Program Let's start with the short sample C++ program shown here.
#include <iostream> using namespace std;
int main()
{
int i;
cout << "This is output.\n"; // this is a single line comment
/* you can still use C style comments */
// input a number using >>
cout << "Enter a number: ";
cin >> i;
// now, output a number using <<
cout << i << " squared is " << i*i << "\n";
system("pause"); // to stop screan
return 0;
}
As you can see, this program looks much different from the C subset programs found in Part One. A line-by-line commentary will be useful. To begin, the header <iostream> is included. This header supports C++-style I/O operations. (<iostream> is to C++ what stdio.h is to C.) Notice one other thing: there is no .h extension to the name iostream. The reason is that <iostream> is one of the new-style headers defined by Standard C++. New-style headers do not use the .h extension. The next line in the program is
using namespace std;
This tells the compiler to use the std namespace. Namespaces are a recent addition to C++. A namespace creates a declarative region in which various program elements can be placed. Namespaces help in the organization of large programs. The using statement informs the compiler that you want to use the std namespace. This is the namespace in which the entire Standard C++ library is declared. By using the std namespace you simplify access to the standard library. The programs in Part One, which use only the C subset, don't need a namespace statement because the C library functions are also available in the default, global namespace.
int main()
Notice that the parameter list in main() is empty. In C++, this indicates that main() has no parameters. This differs from C. In C, a function that has no parameters must use void in its parameter list, as shown here:
int main(void)
This was the way main() was declared in the programs in Part One. However, in C++, the use of void is redundant and unnecessary. As a general rule, in C++ when a function takes no parameters, its parameter list is simply empty; the use of void is not required
The next line contains two C++ features.
cout << "This is output.\n"; // this is a single line comment
First, the statement
cout << "This is output.\n";.
causes This is output. to be displayed on the screen, followed by a carriage returnlinefeed combination. In C++, the << has an expanded role. It is still the left shift operator, but when it is used as shown in this example, it is also an output operator. The word cout is an identifier that is linked to the screen. (Actually, like C, C++ supports I/O redirection, but for the sake of discussion, assume that cout refers to the screen.) You can use cout and the << to output any of the built-in data types, as well as strings of character
Next, the program prompts the user for a number. The number is read from the keyboard with this statement:
cin >> i;
In C++, the >> operator still retains its right shift meaning. However, when used as shown, it also is C++'s input operator. This statement causes i to be given a value read from the keyboard. The identifier cin refers to the standard input device, which is usually the keyboard. In general, you can use cin >> to input a variable of any of the basic data types plus strings.

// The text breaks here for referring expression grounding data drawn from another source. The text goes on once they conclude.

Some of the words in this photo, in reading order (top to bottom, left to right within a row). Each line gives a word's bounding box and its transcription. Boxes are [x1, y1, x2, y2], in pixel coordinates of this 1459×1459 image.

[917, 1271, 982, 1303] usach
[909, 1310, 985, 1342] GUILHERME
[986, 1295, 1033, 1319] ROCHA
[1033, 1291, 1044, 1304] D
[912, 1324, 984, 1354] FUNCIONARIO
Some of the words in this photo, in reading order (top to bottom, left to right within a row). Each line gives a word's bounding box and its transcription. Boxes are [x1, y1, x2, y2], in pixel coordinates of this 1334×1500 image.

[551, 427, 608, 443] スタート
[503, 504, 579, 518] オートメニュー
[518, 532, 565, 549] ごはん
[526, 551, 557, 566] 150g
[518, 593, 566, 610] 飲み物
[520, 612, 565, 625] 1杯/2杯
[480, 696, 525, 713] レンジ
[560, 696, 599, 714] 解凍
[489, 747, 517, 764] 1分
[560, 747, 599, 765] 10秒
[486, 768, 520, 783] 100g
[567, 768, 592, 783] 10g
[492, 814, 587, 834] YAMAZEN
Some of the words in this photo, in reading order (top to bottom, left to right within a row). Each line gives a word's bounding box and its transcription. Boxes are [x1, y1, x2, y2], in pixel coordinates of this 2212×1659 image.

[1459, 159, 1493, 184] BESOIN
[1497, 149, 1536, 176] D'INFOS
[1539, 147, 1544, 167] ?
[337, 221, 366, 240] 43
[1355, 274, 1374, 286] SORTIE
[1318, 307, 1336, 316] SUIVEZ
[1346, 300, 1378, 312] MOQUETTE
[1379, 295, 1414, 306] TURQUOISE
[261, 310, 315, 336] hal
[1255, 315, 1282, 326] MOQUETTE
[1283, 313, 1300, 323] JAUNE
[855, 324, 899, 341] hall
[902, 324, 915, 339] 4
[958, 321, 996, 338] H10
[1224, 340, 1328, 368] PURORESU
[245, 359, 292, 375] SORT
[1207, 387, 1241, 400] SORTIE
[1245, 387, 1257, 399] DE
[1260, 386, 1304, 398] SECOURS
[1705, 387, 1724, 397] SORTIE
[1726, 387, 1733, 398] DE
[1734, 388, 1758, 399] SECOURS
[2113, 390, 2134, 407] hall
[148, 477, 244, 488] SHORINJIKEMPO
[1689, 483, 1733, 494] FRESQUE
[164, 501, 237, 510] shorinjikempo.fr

Although it is not illustrated by the example, you are free to use any of the C-based input functions, such as scanf(), instead of using >>. However, as with cout, most programmers feel that cin >> is more in the spirit of C++. Another interesting line in the program is shown here:
cout << i << "squared is " << i*i << "\n";
Assuming that i has the value 10, this statement causes the phrase 10 squared is 100 to be displayed, followed by a carriage return-linefeed. As this line illustrates, you can run together several << output operations. The program ends with this statement:
return 0;
This causes zero to be returned to the calling process (which is usually the operating system). This works the same in C++ as it does in C. Returning zero indicates that the program terminated normally. Abnormal program termination should be signaled by returning a nonzero value. You may also use the values EXIT_SUCCESS and EXIT_ FAILURE if you like.
The New C++
Headers As you know, when you use a library function in a program, you must include its header file. This is done using the #include statement. For example, in C, to include the header file for the I/O functions, you include stdio.h with a statement like this:
#include <stdio.h>
Here, stdio.h is the name of the file used by the I/O functions, and the preceding statement causes that file to be included in your program. The key point is that this #include statement includes a file. When C++ was first invented and for several years after that, it used the same style of headers as did C. That is, it used header files. In fact, Standard C++ still supports C-style headers for header files that you create and for backward compatibility. However, Standard C++ created a new kind of header that is used by the Standard C++ library. The new-style headers do not specify filenames. Instead, they simply specify standard identifiers that may be mapped to files by the compiler, although they need not be. The new-style C++ headers are an abstraction that simply guarantee that the appropriate prototypes and definitions required by the C++ library have been declared. Since the new-style headers are not filenames, they do not have a .h extension. They consist solely of the header name contained between angle brackets. For example, here are some of the new-style headers supported by Standard C++.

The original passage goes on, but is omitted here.